- _TASK INSTRUCTIONS_
Output, exactly and in full, only the lines from the one containing "this 1344×1512 image." to the last line of the data. Pictures should not appear.

[[ THE INPUT open ]]

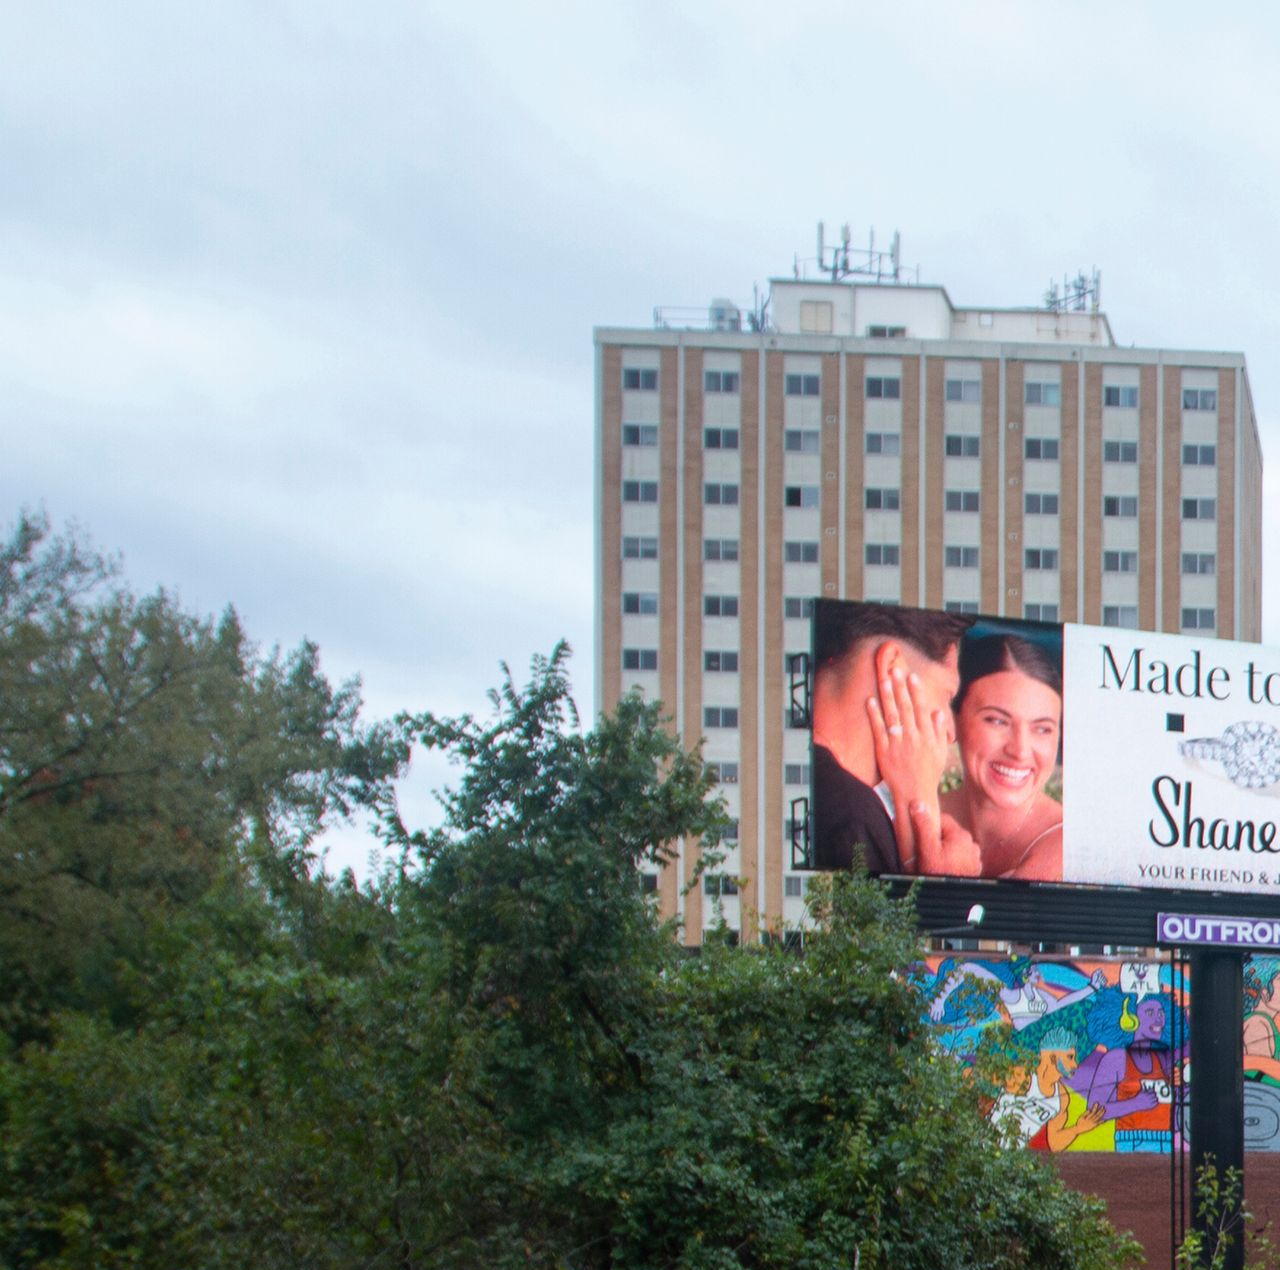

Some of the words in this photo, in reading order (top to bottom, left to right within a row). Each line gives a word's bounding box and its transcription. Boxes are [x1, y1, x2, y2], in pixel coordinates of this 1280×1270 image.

[1099, 643, 1231, 700] Made
[1138, 864, 1184, 880] YOUR
[1190, 867, 1254, 884] FRIEND
[1258, 873, 1269, 885] &
[1130, 981, 1153, 991] ATL
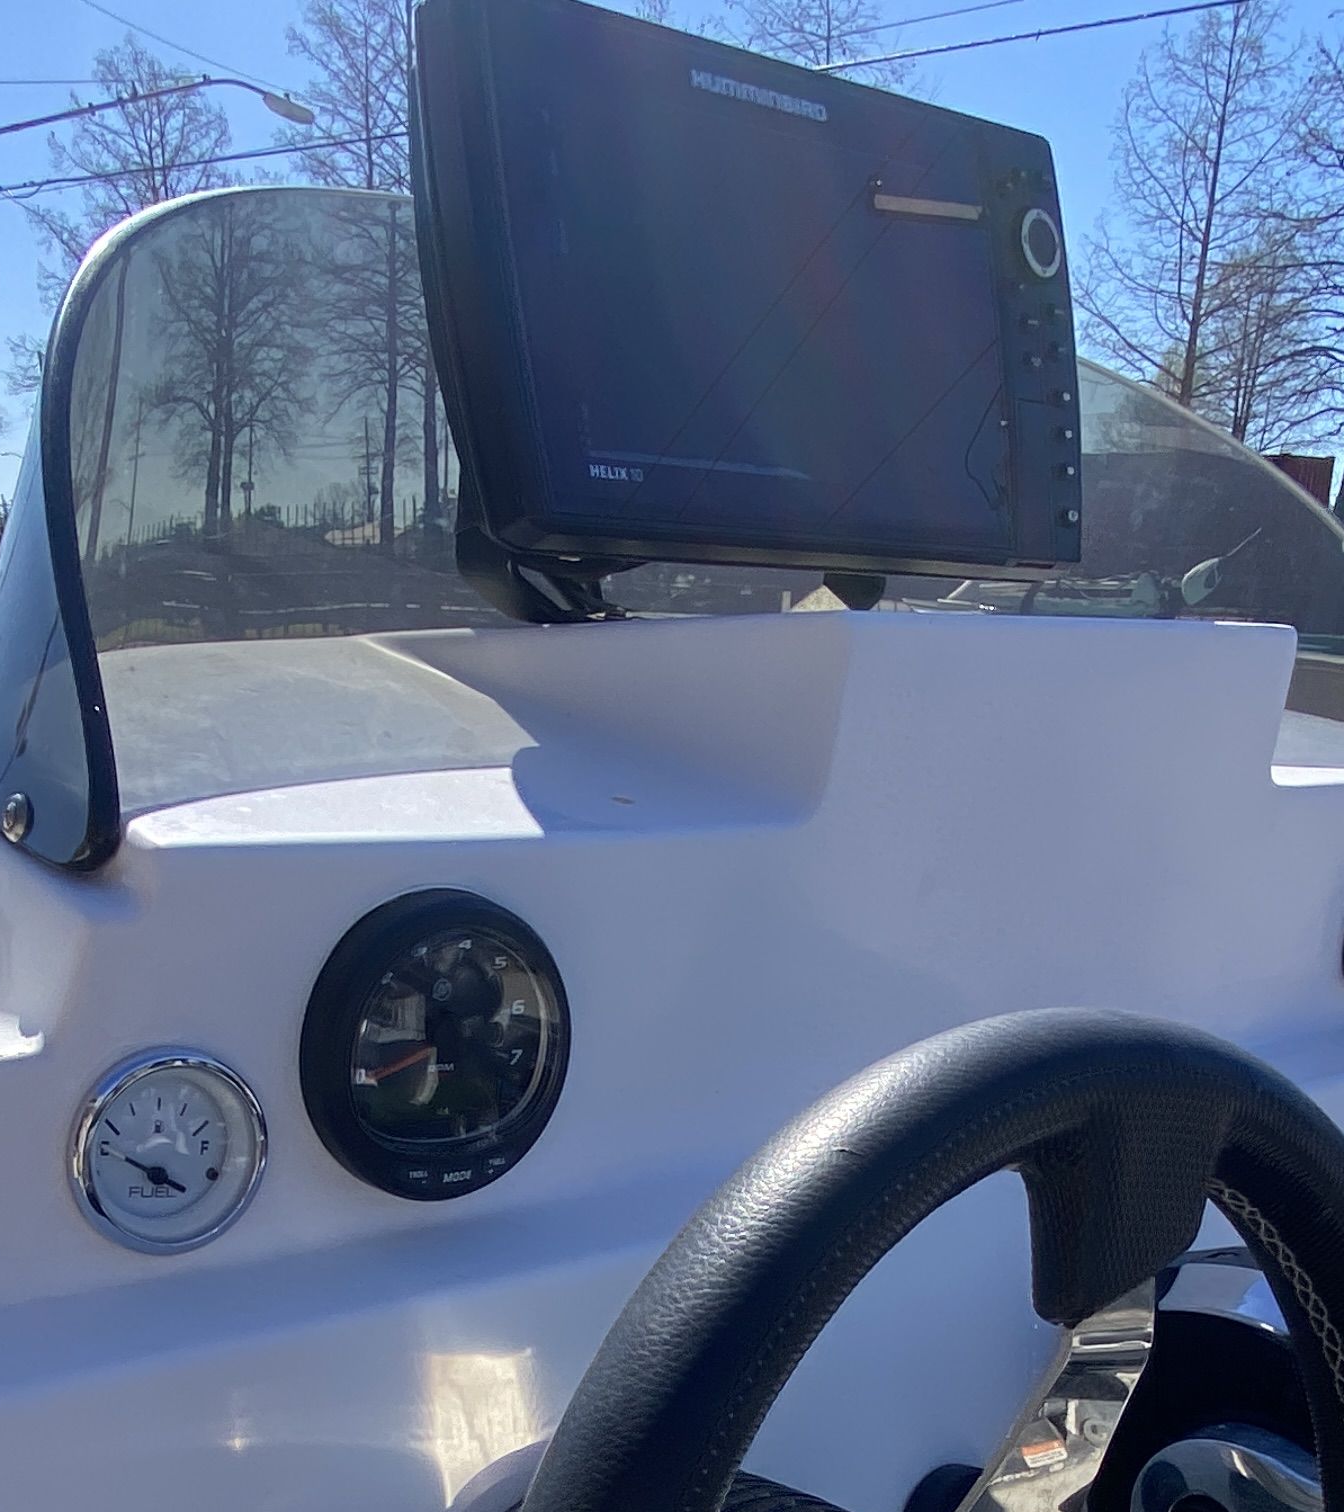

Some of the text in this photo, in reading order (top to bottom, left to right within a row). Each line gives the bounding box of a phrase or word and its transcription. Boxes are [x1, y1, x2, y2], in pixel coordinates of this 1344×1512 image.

[589, 464, 628, 481] HELIX
[458, 939, 472, 950] 4
[493, 956, 508, 969] 5
[511, 1000, 526, 1015] 6
[509, 1049, 523, 1066] 7
[100, 1140, 110, 1156] E
[200, 1140, 209, 1155] F
[442, 1169, 472, 1183] MODE
[128, 1186, 177, 1198] FUEL
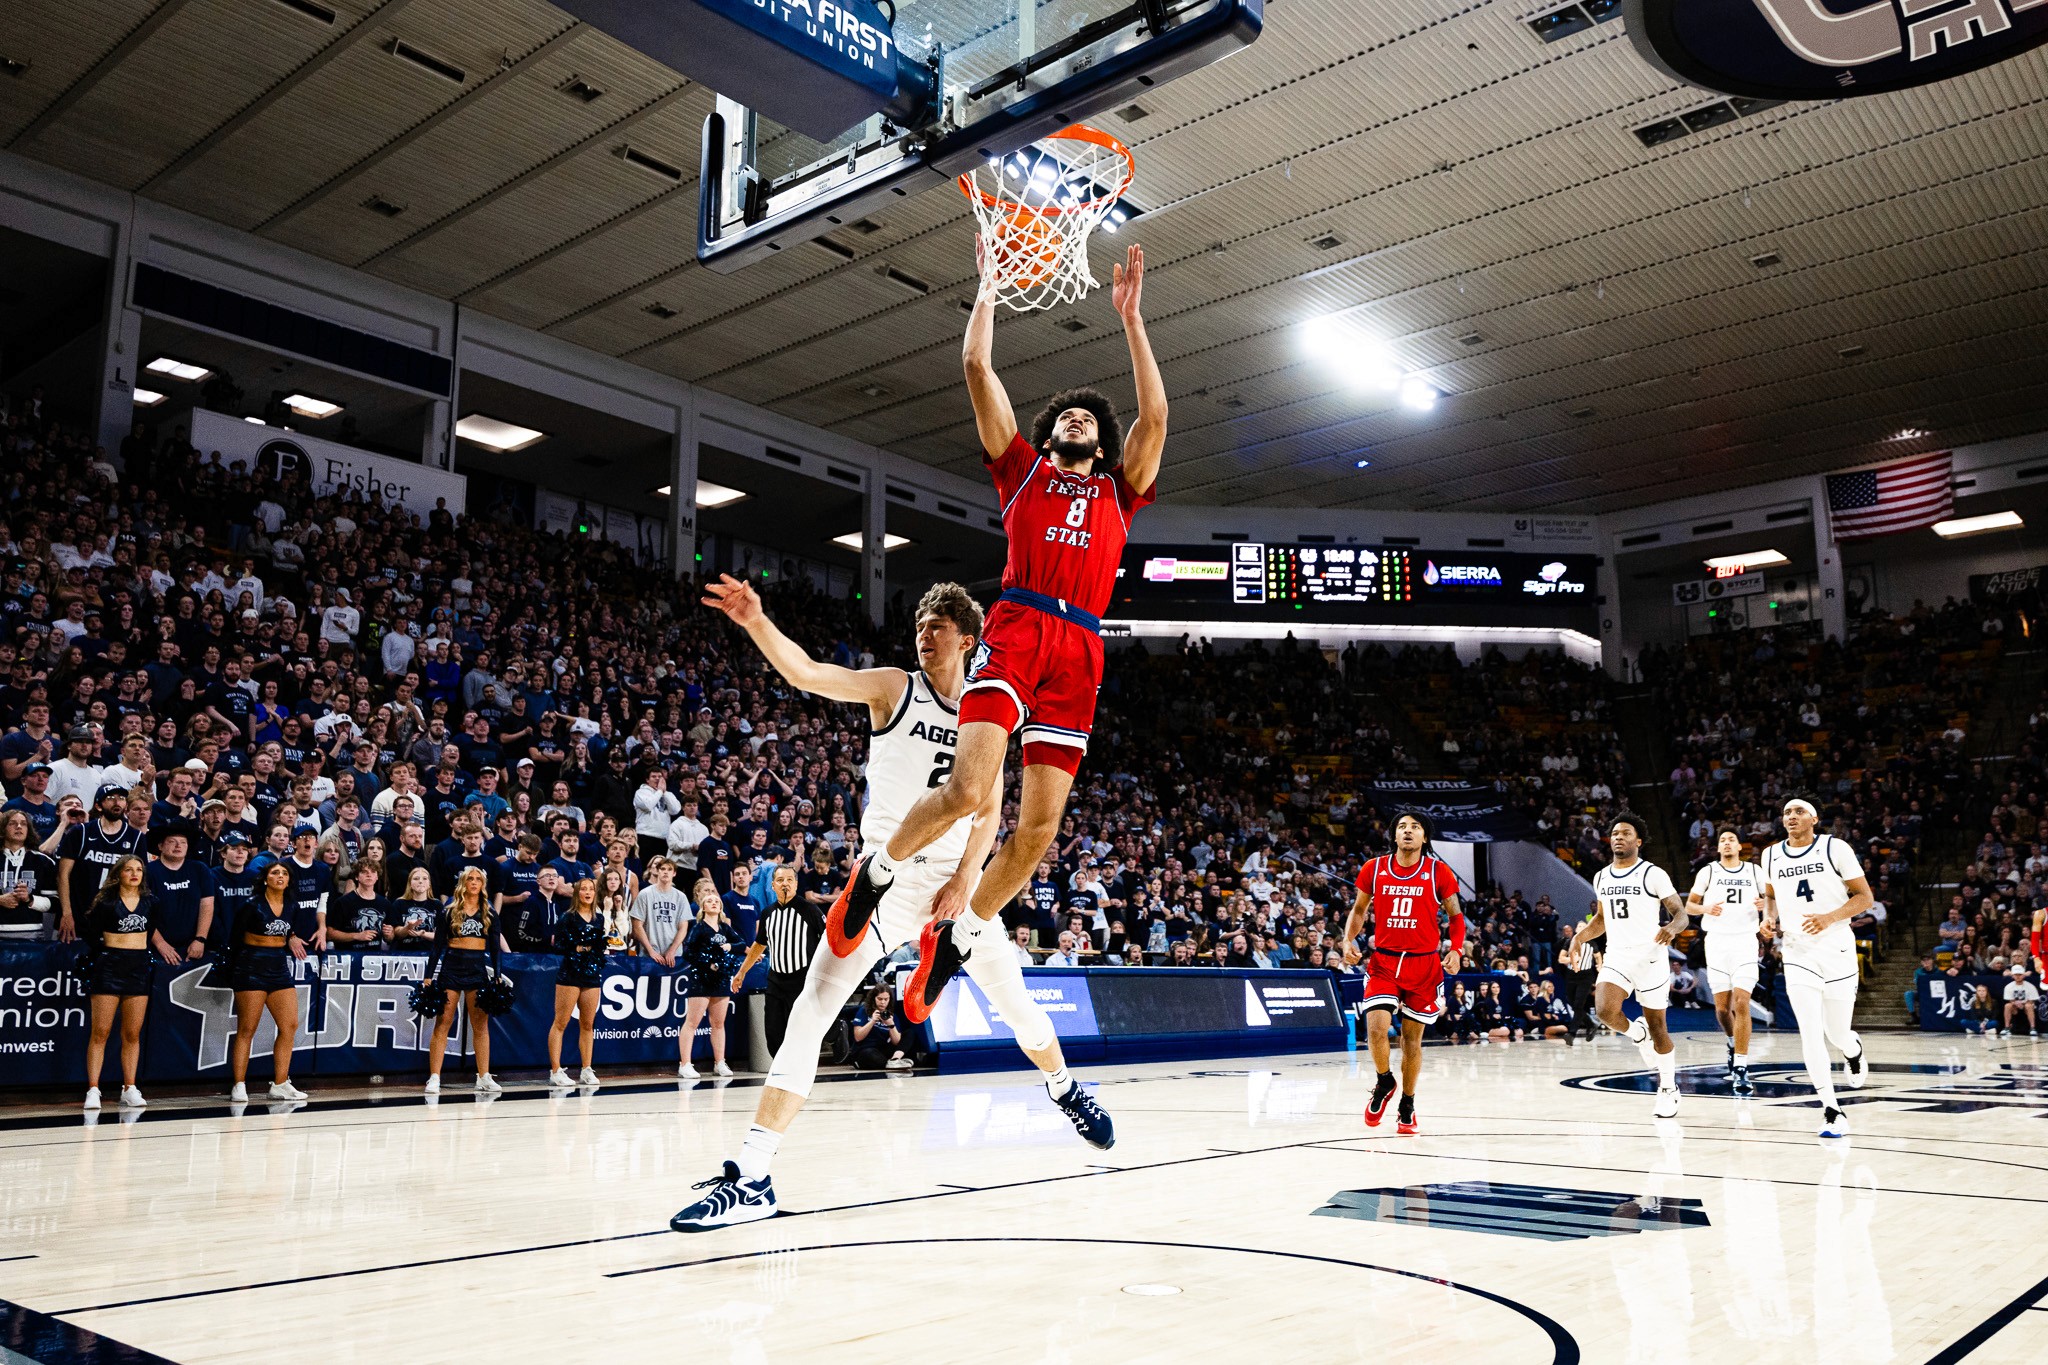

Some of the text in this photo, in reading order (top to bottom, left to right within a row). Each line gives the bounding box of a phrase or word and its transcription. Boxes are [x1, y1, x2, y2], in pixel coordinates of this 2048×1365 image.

[818, 0, 893, 59] FIRST
[806, 20, 874, 70] UNION
[273, 450, 298, 482] F
[322, 457, 411, 502] Fisher
[1065, 497, 1088, 528] 8
[1176, 566, 1225, 574] LES SCHWAB
[1440, 565, 1501, 580] SIERRA
[1989, 568, 2040, 585] AGGIE
[1522, 580, 1585, 596] Sign Pro
[927, 751, 956, 789] 2
[1374, 780, 1472, 789] UTAH STATE
[1778, 862, 1825, 880] AGGIES
[1717, 878, 1752, 887] AGGIES
[1382, 885, 1424, 897] FRESNO
[1600, 886, 1641, 896] AGGIES
[1726, 888, 1742, 904] 21
[1796, 879, 1815, 903] 4
[652, 902, 677, 911] CLUB
[1391, 897, 1413, 917] 10
[1609, 898, 1629, 920] 13
[1386, 918, 1418, 929] STATE
[0, 1001, 85, 1028] nion
[631, 1027, 641, 1039] of
[0, 1039, 55, 1053] nwest

[[ THE INPUT closed ]]

- _EXERCISE SOLUTION_
Some of the text in this photo, in reading order (top to bottom, left to right within a row). Each line gives the bounding box of a phrase or word and its transcription. Boxes are [x1, y1, x2, y2], in pixel coordinates of this 1344×1512 image.

[589, 464, 628, 481] HELIX
[458, 939, 472, 950] 4
[493, 956, 508, 969] 5
[511, 1000, 526, 1015] 6
[509, 1049, 523, 1066] 7
[100, 1140, 110, 1156] E
[200, 1140, 209, 1155] F
[442, 1169, 472, 1183] MODE
[128, 1186, 177, 1198] FUEL

Some of the text in this photo, in reading order (top to bottom, left to right within a row). Each line gives the bounding box of a phrase or word and its transcription. Boxes are [x1, y1, x2, y2], in pixel coordinates of this 2048×1365 image.

[818, 0, 893, 59] FIRST
[806, 20, 874, 70] UNION
[273, 450, 298, 482] F
[322, 457, 411, 502] Fisher
[1065, 497, 1088, 528] 8
[1176, 566, 1225, 574] LES SCHWAB
[1440, 565, 1501, 580] SIERRA
[1989, 568, 2040, 585] AGGIE
[1522, 580, 1585, 596] Sign Pro
[927, 751, 956, 789] 2
[1374, 780, 1472, 789] UTAH STATE
[1778, 862, 1825, 880] AGGIES
[1717, 878, 1752, 887] AGGIES
[1382, 885, 1424, 897] FRESNO
[1600, 886, 1641, 896] AGGIES
[1726, 888, 1742, 904] 21
[1796, 879, 1815, 903] 4
[652, 902, 677, 911] CLUB
[1391, 897, 1413, 917] 10
[1609, 898, 1629, 920] 13
[1386, 918, 1418, 929] STATE
[0, 1001, 85, 1028] nion
[631, 1027, 641, 1039] of
[0, 1039, 55, 1053] nwest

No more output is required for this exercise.